Prothrombin complex concentrate (PCC) and fibrinogen concentrate have been proposed as an alternative to the plasma and cryoprecipitates. PCC contains vitamin K-dependent factors (factors II, VII, IX, and X) and natural anticoagulants (proteins C, S, and Z). Possible advantages in using these factor concentrates are avoiding fluid overload, obtaining adequate levels of coagulation factors faster than those with plasma, and decreasing transfusion-associated complications [7, 50]. Given that hyperfibrinolysis appears to be a key element in the pathogenesis of ACoT, fibrinogen concentrate could have an important role in its treatment. In such cases, it has been proposed that TXA should be administered first [13]. Schöchl et al. [51] retrospectively compared the use of PCC plus fibrinogen concentrate versus FFP in patients with severe trauma and altered coagulation tests compatible with ACoT. The group treated with coagulation factors received less RBC and platelet transfusions and had less MT requirements and a lower incidence of MOF. While these results are interesting, at this time, recommendations for the use of these concentrate factors in trauma are limited. PCC is actually indicated for emergency reversal of vitamin K-dependent oral anticoagulants [7]. Fibrinogen concentrate is recommended as an alternative to cryoprecipitates in bleeding patients with plasma fibrinogen levels less than 1.5–2 g/L [43].

8. Conclusions

Uncontrolled bleeding is the most frequent preventable cause of death in trauma patients. Early correction of acute coagulopathy associated with trauma through damage control resuscitation is a promising strategy to decrease preventable trauma death.
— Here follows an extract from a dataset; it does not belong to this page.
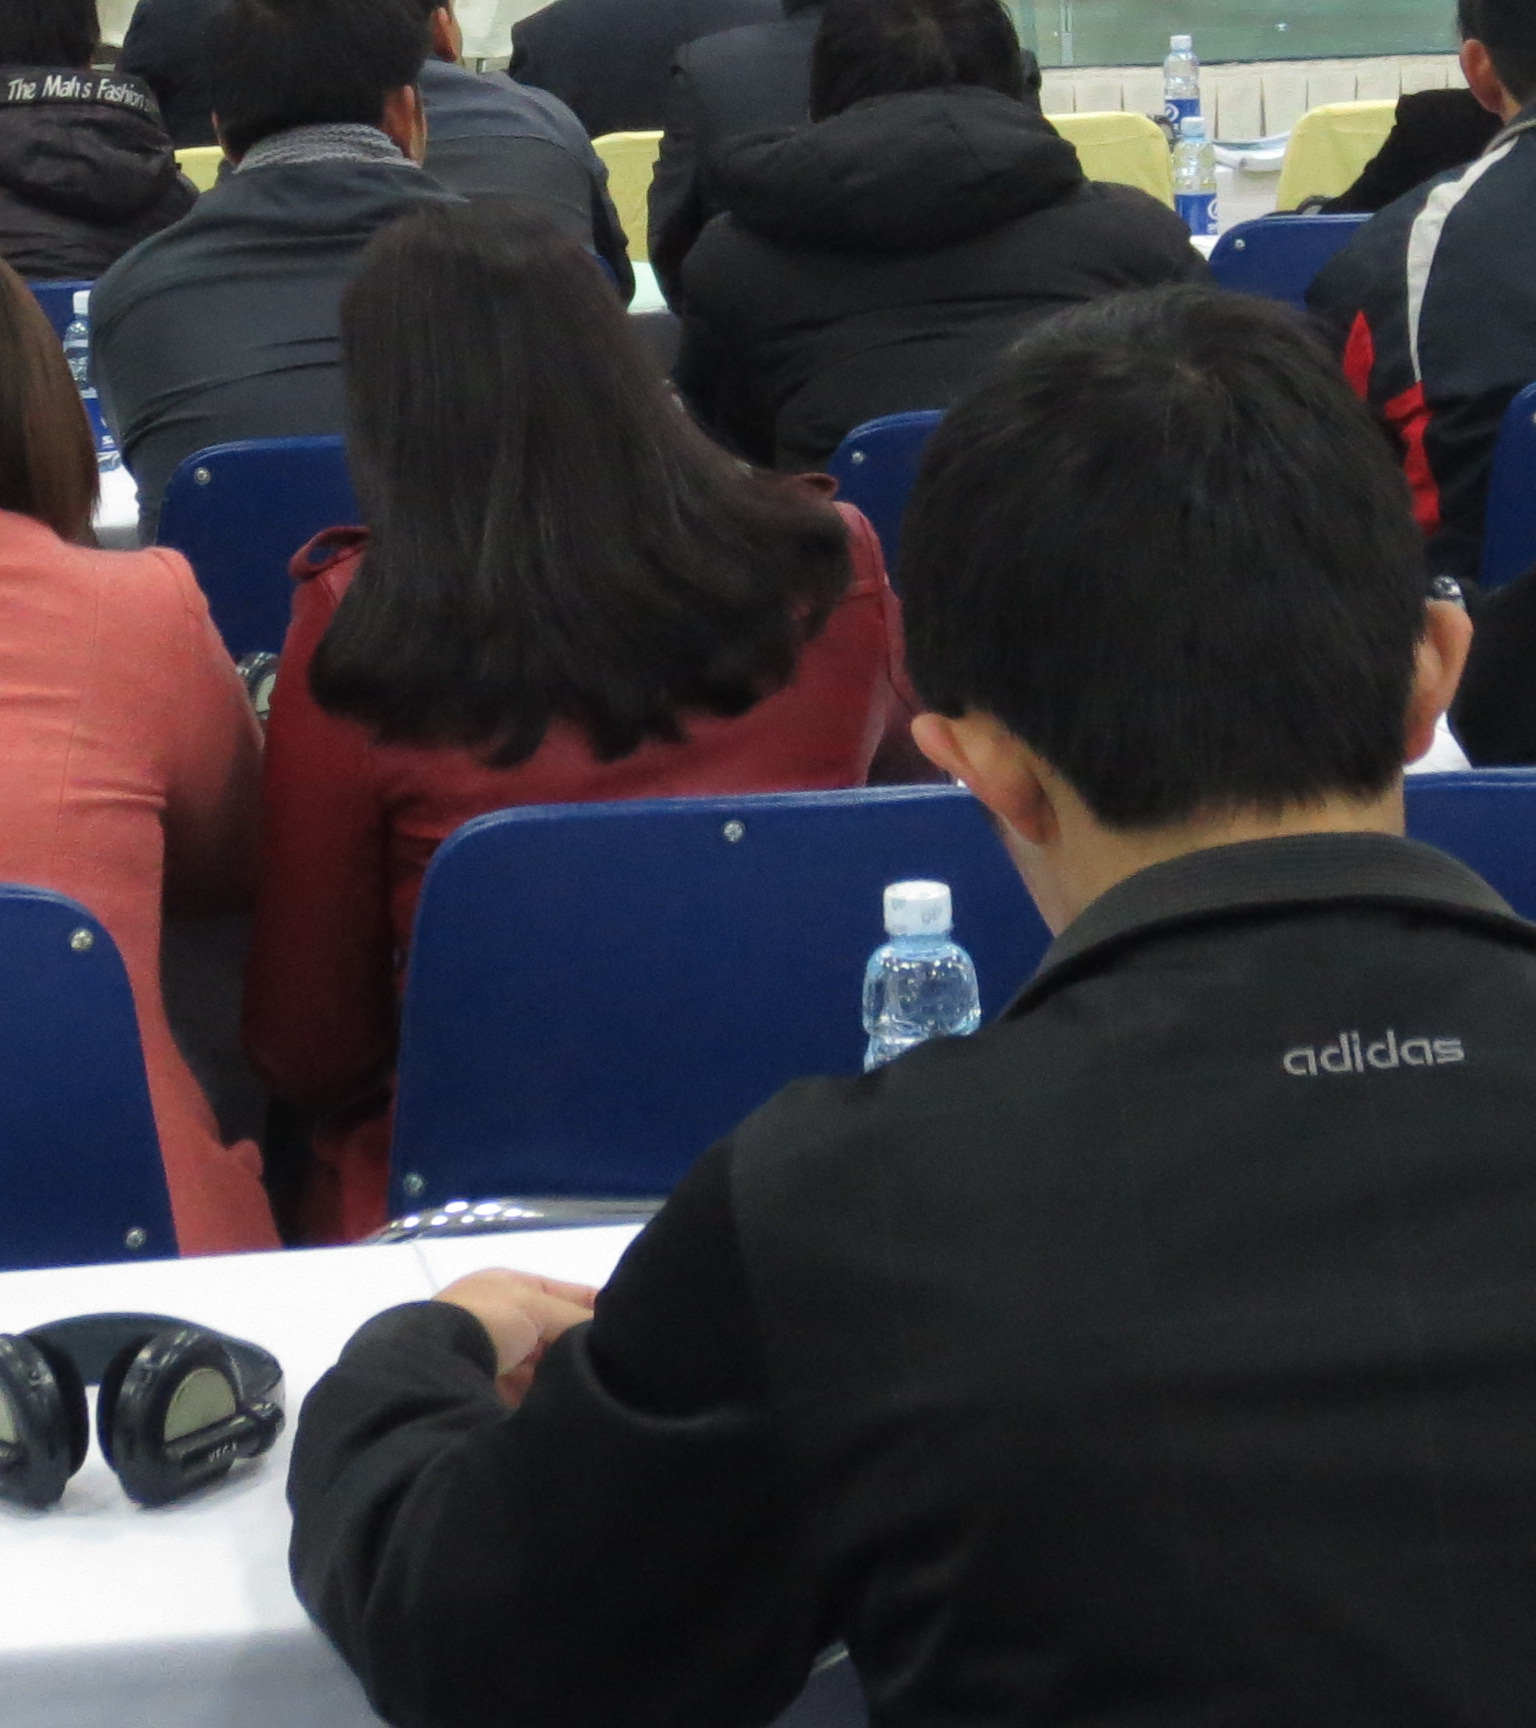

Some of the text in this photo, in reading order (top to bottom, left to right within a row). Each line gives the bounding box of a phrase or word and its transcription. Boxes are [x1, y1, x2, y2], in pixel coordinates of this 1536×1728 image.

[7, 77, 37, 101] The
[96, 78, 146, 110] Fashion
[1282, 1028, 1466, 1076] adidas
Early use of all blood products with a ratio close to 1 : 1 : 1 seems to improve survival of patients with massive bleeding. However, these findings must be corroborated prospectively in randomized control trials. A restrictive transfusion strategy is safe and appropriate in stable patients.

Early administration of tranexamic acid is recommended for all trauma patients with a significant risk of bleeding as it reduces the risk of death.

Conflict of Interests

The authors declare that they have no conflict of interests.